Incentives can help with attendance but might not help with weight loss.
“A soldier will fight long and hard for a bit of colored ribbon.” -Napolean Bonaparte.
A study published in September of 2018 in the Journal of Occupational and Environmental Medicine. The researchers attempted to assess weight loss outcomes among nearly 1100 participants of a weight management program across ten different worksites in a retrospective analysis. In the study, weekly classes focused on diet, exercise and behavior change. One of the employers provided incentives for weight loss, and two employers incentivized weight loss and class attendance. The subjects had a mean weight loss of -2.9%. The average number of classes attended was 6.87 of 10 and was significantly correlated with percent weight change. Participants who were incentivized for attendance attended significantly more classes(7.5 classes out of ten) than did those not so incentivized (6.4 out of ten). Unfortunately, the difference in attendance did not result in more weight loss and incentives in this study did not result in additional weight loss.

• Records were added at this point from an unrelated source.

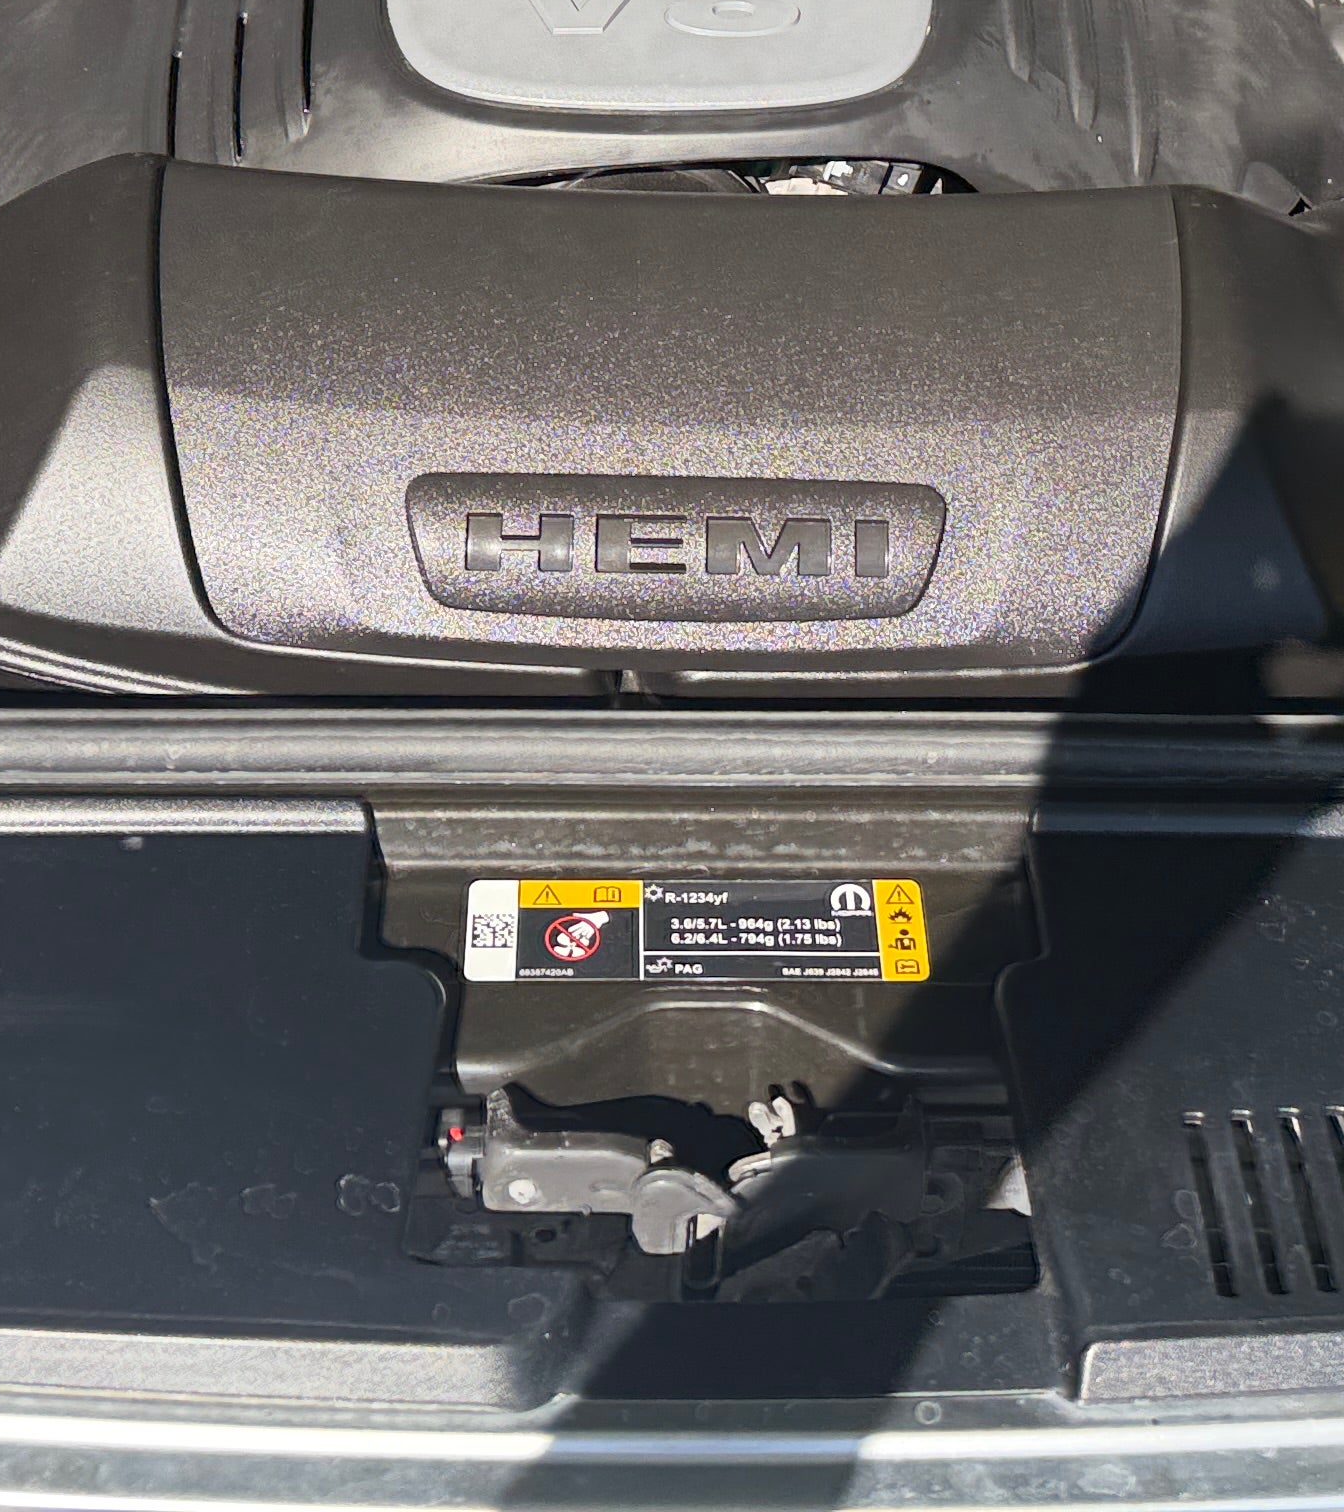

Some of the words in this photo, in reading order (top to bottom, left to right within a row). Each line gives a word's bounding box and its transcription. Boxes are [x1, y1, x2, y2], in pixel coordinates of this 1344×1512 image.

[465, 512, 890, 577] HEMI
[665, 891, 728, 907] R-1234yf
[738, 918, 774, 932] 964g
[777, 918, 812, 933] (2.13
[814, 918, 841, 933] lbs)
[671, 933, 728, 946] 6.2/6.4L
[740, 933, 775, 947] 794g
[778, 933, 813, 948] (1.75
[815, 933, 843, 948] lbs)
[674, 963, 703, 975] PAG

The bottom line: This study is just a single study, but the data support the effectiveness of this worksite program in promoting engagement but not weight loss. More research is needed but especially a longer duration study. I would not consider the lack of weight loss to be a reason to discount this study because other studies have shown incentives to be helpful for weight loss. Weight loss is only a single aspect of the benefits of engagement in a wellness program, and if utilizing incentives to promote class attendance may be beneficial for increasing engagement, it would likely help in other areas.